Summary and concluding remarks

HS has been recognized as the most commonly encountered pathological substrate of mesial temporal lobe epilepsy (MTLE). It is present in 60–70 % of patients with MTLE who undergo surgery for treatment of medically refractory seizures. The recent classification system of the International League Against Epilepsy (ILAE) subdivides HS into 3 types and includes a term of “gliosis only, no-HS” [25]. HS ILAE type 1, which is the most frequent form, shows more than 80 % of neuronal cell loss in CA1 and 30–50 % of neuronal in CA2, 30–90 % in CA3, 40–90 % in CA4, and 50–60 % loss in the dentate gyrus granule cells. HS ILAE type 2 shows 80 % of neuronal loss in the CA1 sector and mild (<25 %) neuronal loss in all other subfields. HS ILAE type 3 is characterized by predominant neuronal cell loss (approximately 50 %) in CA4 as well as in the dentate gyrus, and <30 % of neuronal loss in other subfields. Hippocampal specimens with gliosis only (no-HS) are seen in approximately 20 % of MTLE patients in large surgical series.

HS is multifactorial and there is no individual pathogenic factor either necessary or sufficient to generate this intriguing histopathological condition.
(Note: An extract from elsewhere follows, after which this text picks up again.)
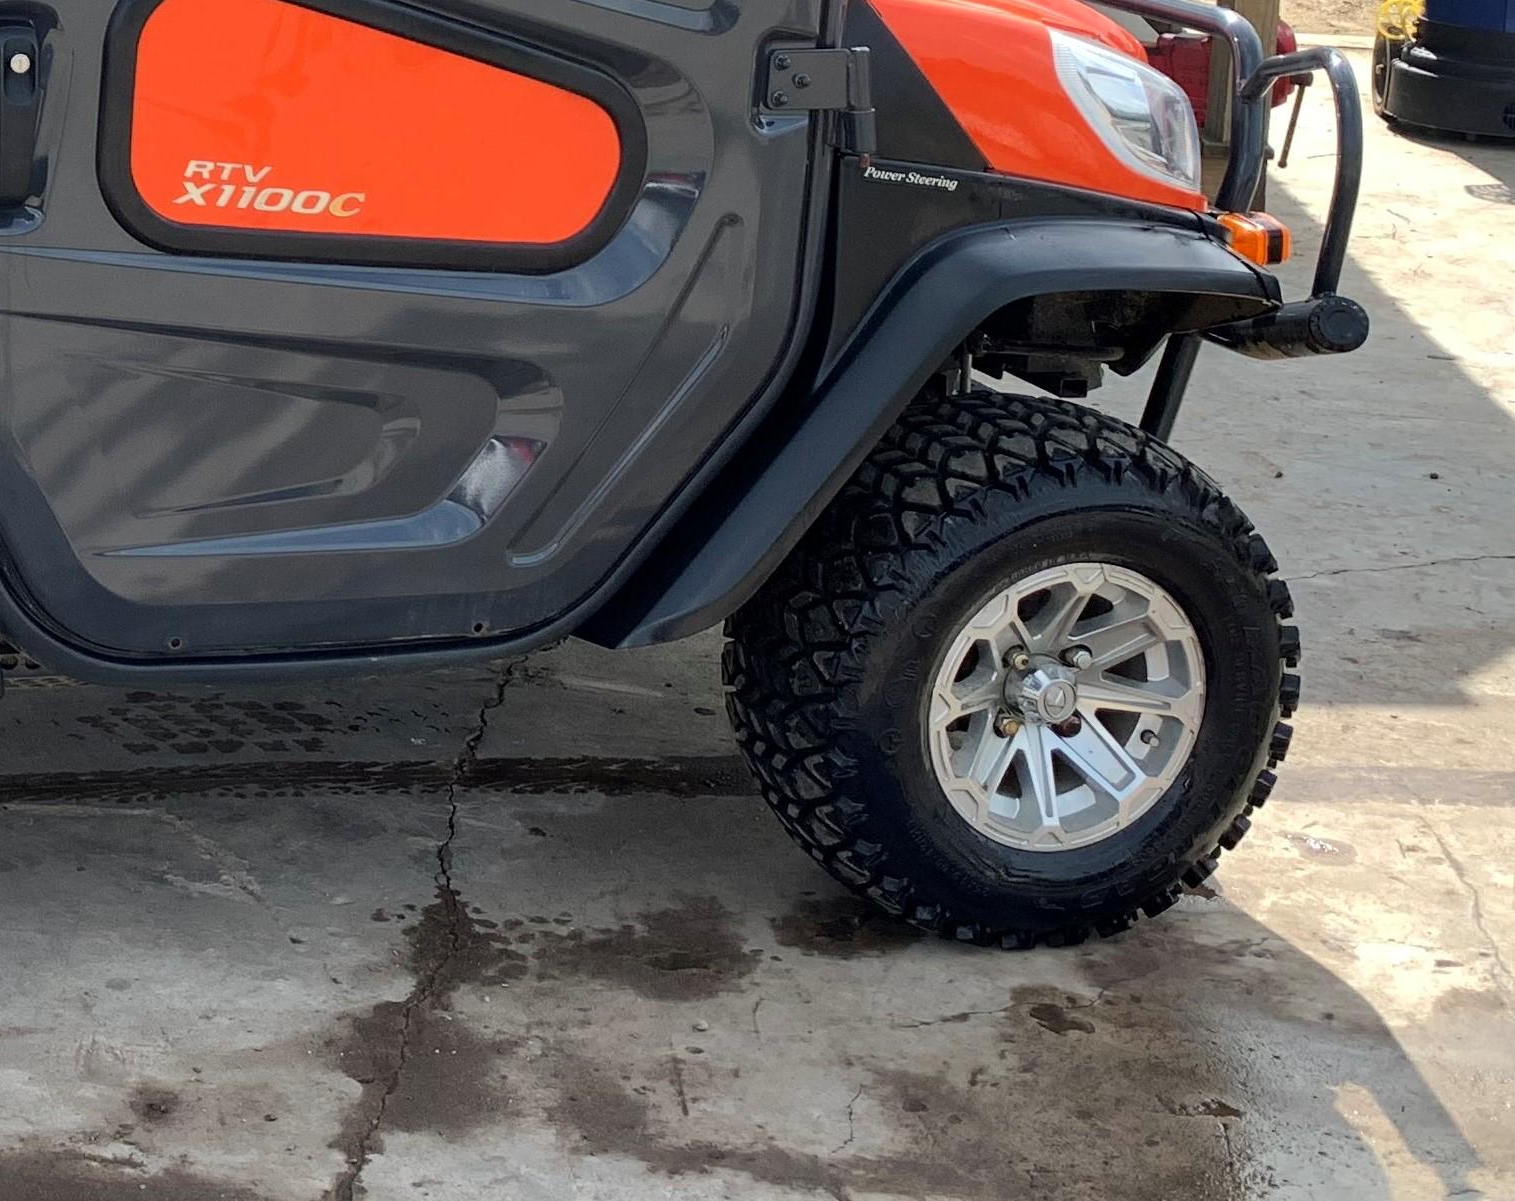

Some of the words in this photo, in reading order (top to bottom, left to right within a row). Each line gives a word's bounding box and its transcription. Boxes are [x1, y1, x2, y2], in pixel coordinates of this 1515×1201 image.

The variety of etiological factors underlying HS may explain the multitude of clinical presentations and different responses to clinical treatment: in one end of the spectrum, patients with good response to antiepileptic drug treatment, or even rare seizures in life, and in the other end of the spectrum patients who do not respond to medication and need surgical treatment. The success of surgery is not homogeneous for patients with HS, with approximately 2/3 having significant improvement or cessation of seizures and 1/3 with mild or no improvement. Another intriguing aspect of HS is that a significant number of patients who became seizure free after surgery relapse 5–10 years postoperatively, while others continue seizure free. The stratification of neuropathological patterns and better understanding of the pathogenesis of HS can help to answer these open questions.